ANDREW MCLEOD FROM FREMANTLE FOR CHRIS GROOM — 1994

“If I’d seen Andrew McLeod play for one minute he’d have been playing for me.”

That’s what Fremantle’s inaugural coach Gerard Neesham told Mike Sheahan on Fox Footy’s Open Mike in 2015. But with little knowledge of McLeod or “anything about his football”, Neesham and the Dockers traded the Port Adelaide Magpies wingman, who was pre-listed by the club in the build-up to its first season, to Adelaide for Chris Groom.

At that time, Groom was an up-and-coming key-forward, who had played 12 games for the Crows.

McLeod retired 16 years later as an AFL Hall Of Fame member with 340 games, two premierships medals, two Norm Smith medals, five All-Australian jumpers and three Club Champion awards to his name.

Darren Jarman from Hawthorn as part of three-way trade with Essendon — 1995

It cost Adelaide Sean Wellman, who went on to become a 178-game premiership defender at Essendon, but what it received in return became even more valuable.

Jarman returned home to South Australia, after five seasons at Hawthorn, and booted six goals — five in the final quarter — in the grand final win in 1997 before bagging another five majors as the Crows went back-to-back against North Melbourne,

Adelaide game up pick No. 25 and Wellman to get Jarman and pick No. 45 in the draft, which was used on Scott Hodges, in return.

The Crows traded Bernie Vince four years after he was crowned club champion.
The Crows traded Bernie Vince four years after he was crowned club champion.
With the pick it received for Vince, Adelaide drafted Matt Crouch.

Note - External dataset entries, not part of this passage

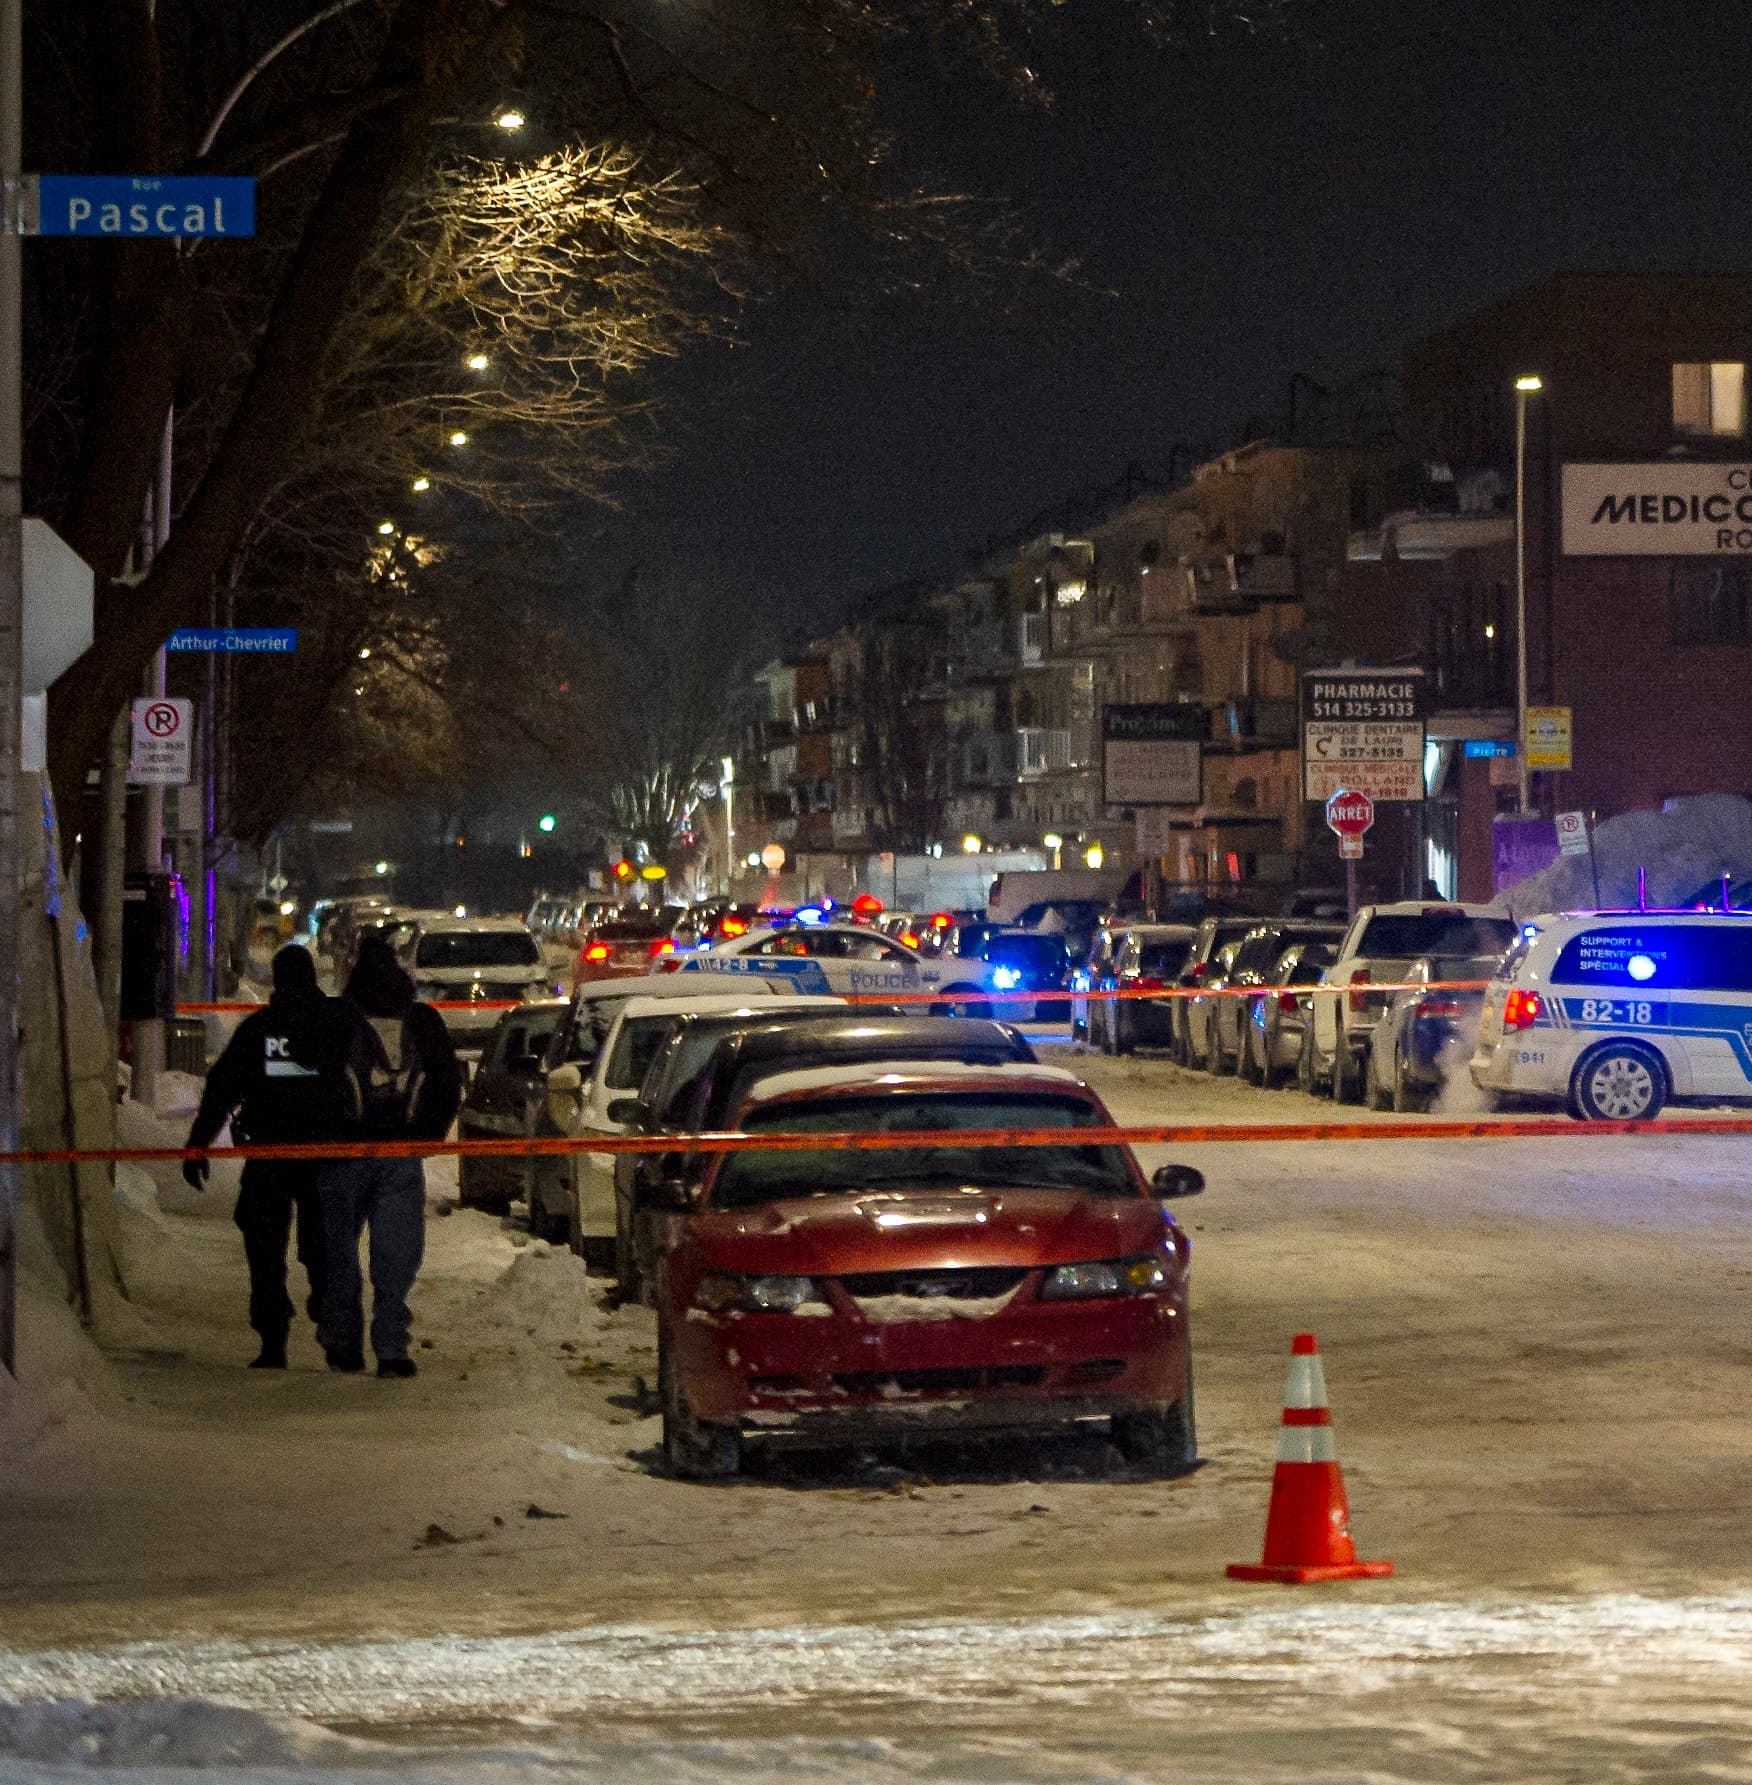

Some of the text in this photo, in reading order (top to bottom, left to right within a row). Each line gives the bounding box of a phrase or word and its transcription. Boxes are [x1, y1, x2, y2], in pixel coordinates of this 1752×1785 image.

[132, 178, 162, 191] Rue
[68, 197, 226, 233] Pascal
[170, 636, 290, 651] Arthur-Chevrier
[1313, 683, 1415, 699] PHARMACIE
[1313, 702, 1415, 717] 514 325-3133
[1308, 724, 1419, 735] CLINIQUE DENTAIRE
[1473, 746, 1508, 757] Pierre
[1340, 775, 1415, 786] ROLLAND
[1580, 936, 1632, 947] SUPPORT
[850, 971, 912, 989] POLICE
[1581, 999, 1652, 1024] 82-18

Picture: Sarah Reed
With the pick it received for Vince, Adelaide drafted Matt Crouch. Picture: Sarah Reed

Bernie Vince for Pick No. 23 (Matt Crouch) — 2013

Four years after being crowned Adelaide’s club champion, and after 129 games at West Lakes, Vince was traded to Melbourne for pick No. 23, 12 months before he was set to become a free agent. Vince wanted to stay but he had currency on the open market and Adelaide was desperate to get back into the early rounds of the 2013 national draft after it was stripped of its first two selections as part of the Kurt Tippett salary cap sanctions.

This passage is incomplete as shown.